Beim Christopher Street Day in Cottbus haben Menschen für Vielfalt und Toleranz demonstriert – und Ministerpräsident Woidke hat ihnen dafür ausdrücklich gedankt.
Am Nachmittag sind in Cottbus mehrere Hundert Menschen beim Christopher Street Day, kurz CSD, auf die Straße gegangen. Sie zeigen damit, dass sie für eine offene Gesellschaft stehen, in der alle Menschen so leben dürfen, wie sie sind. Weil es in der Stadt vorher Angriffe auf linke Wohnprojekte und auf ein Büro der Grünen gab, war die Polizei mit mehr Leuten als sonst dabei.

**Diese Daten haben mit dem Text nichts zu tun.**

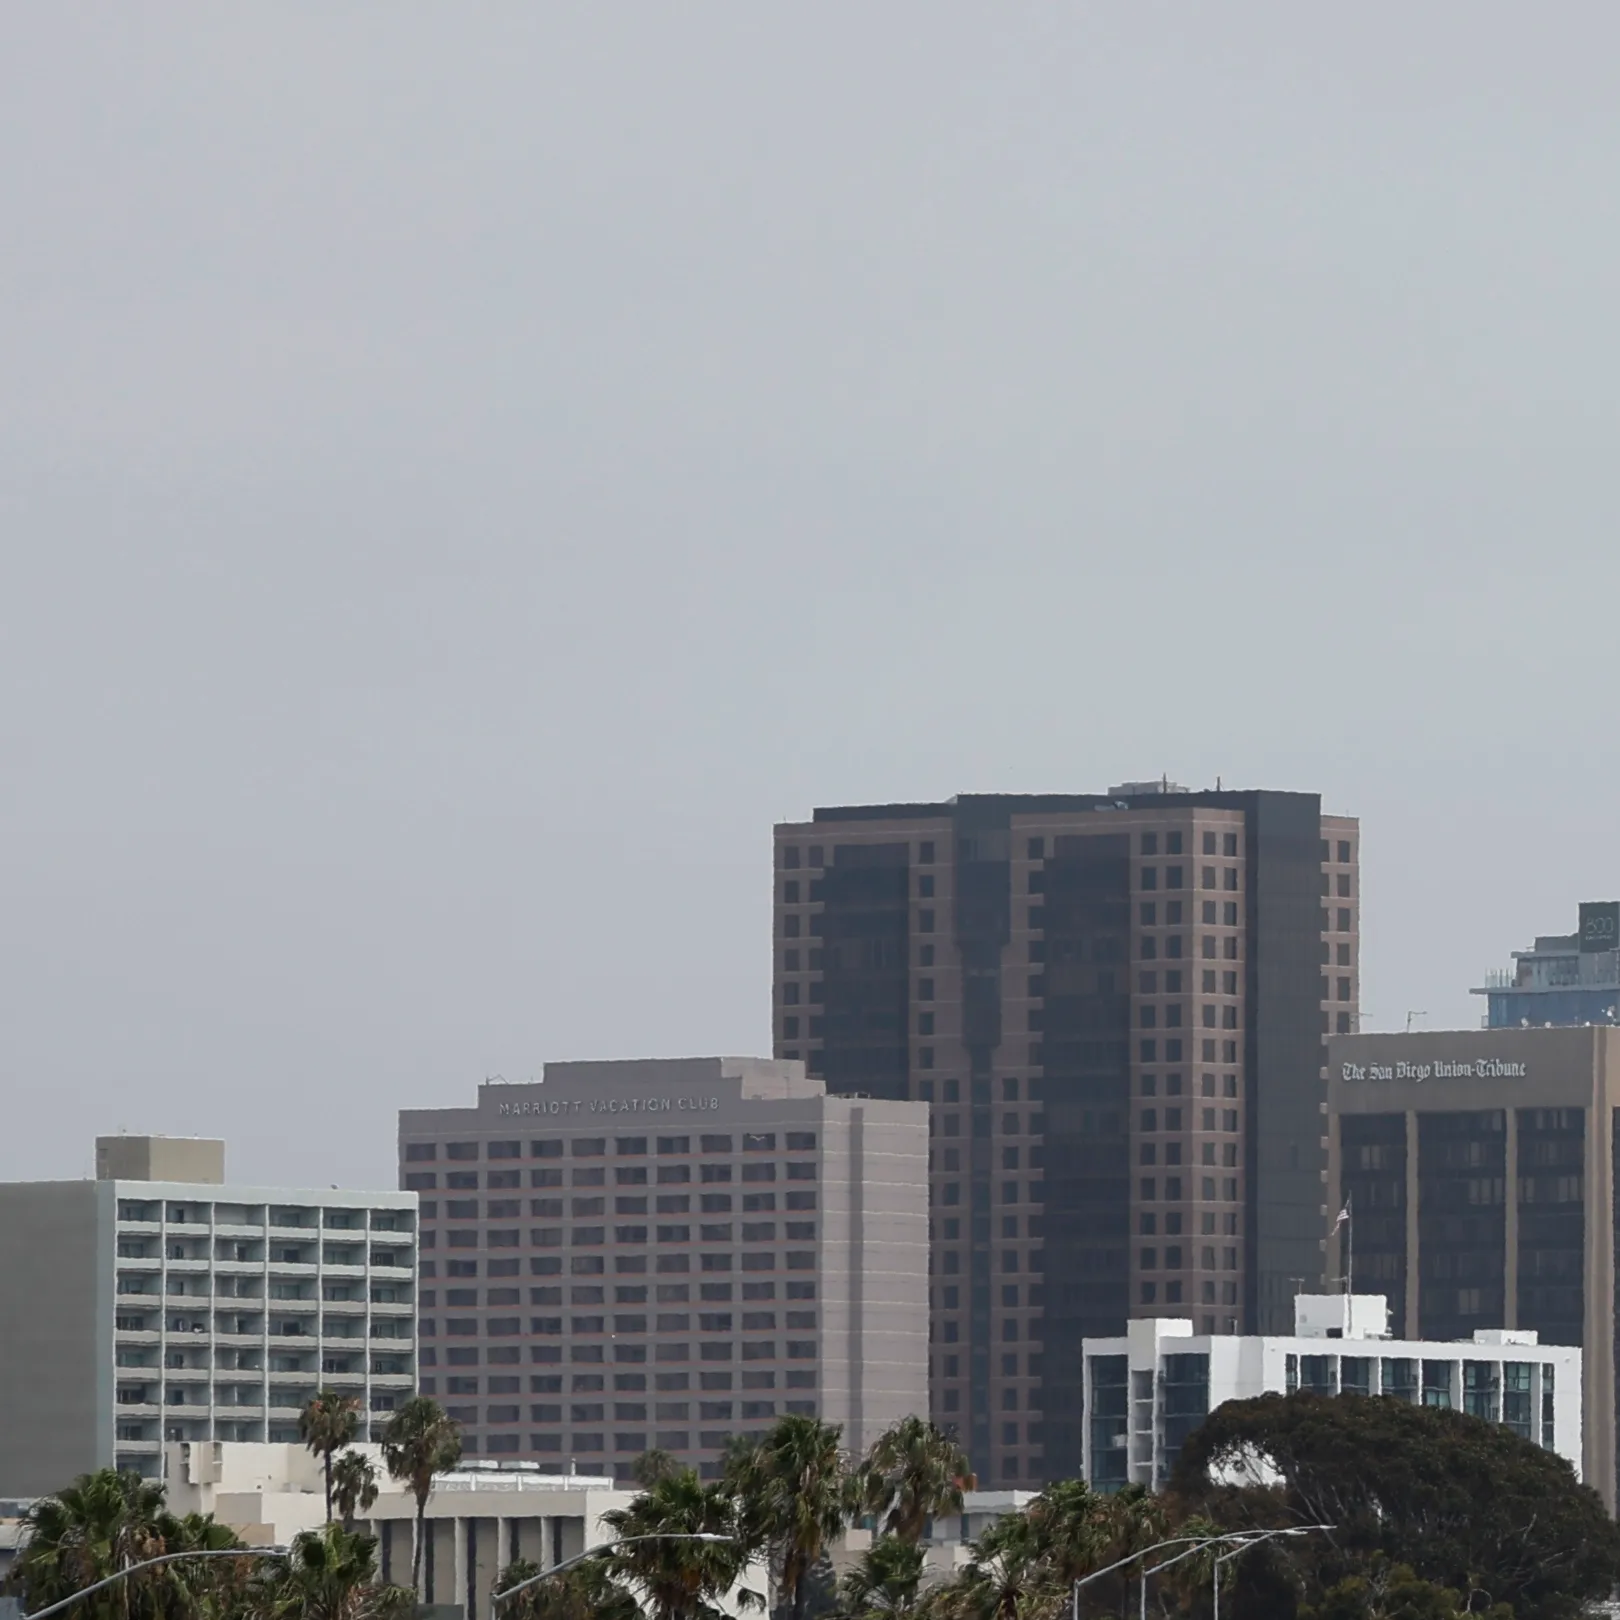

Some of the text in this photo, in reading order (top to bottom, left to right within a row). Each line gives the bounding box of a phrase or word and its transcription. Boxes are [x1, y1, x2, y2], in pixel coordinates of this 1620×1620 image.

[1342, 1058, 1527, 1082] The San Diego Union-Tribune
[499, 1097, 720, 1116] MARRIOTT VACATION CLUB

Brandenburgs Ministerpräsident Dietmar Woidke hat vor der Demonstration eine Pressemitteilung verschickt. Darin bedankt er sich bei allen, die beim CSD mitlaufen. Er sagt wörtlich: „Allen, die heute beim CSD in Cottbus für Vielfalt, Toleranz und eine offene Gesellschaft auf die Straße gehen, gilt mein aufrichtiger Dank und mein großer Respekt.“ Außerdem sagt er, es sei „wichtiger denn je, Haltung zu zeigen und Rechtsextremismus, Hass sowie Menschenfeindlichkeit entschlossen entgegenzutreten.“
Die Organisatoren haben die Teilnehmenden gebeten, in Gruppen zu kommen, unterwegs nicht zu auffällig zu sein und dunkle Ecken zu meiden. So wollten sie alle besser schützen. Auch Cottbus’ Oberbürgermeister Schick hat dazu aufgerufen, sich klar gegen Hass und rechte Gewalt zu stellen. Viele zivilgesellschaftliche Gruppen in der Stadt unterstützen den CSD und zeigen damit, dass sie sich nicht einschüchtern lassen.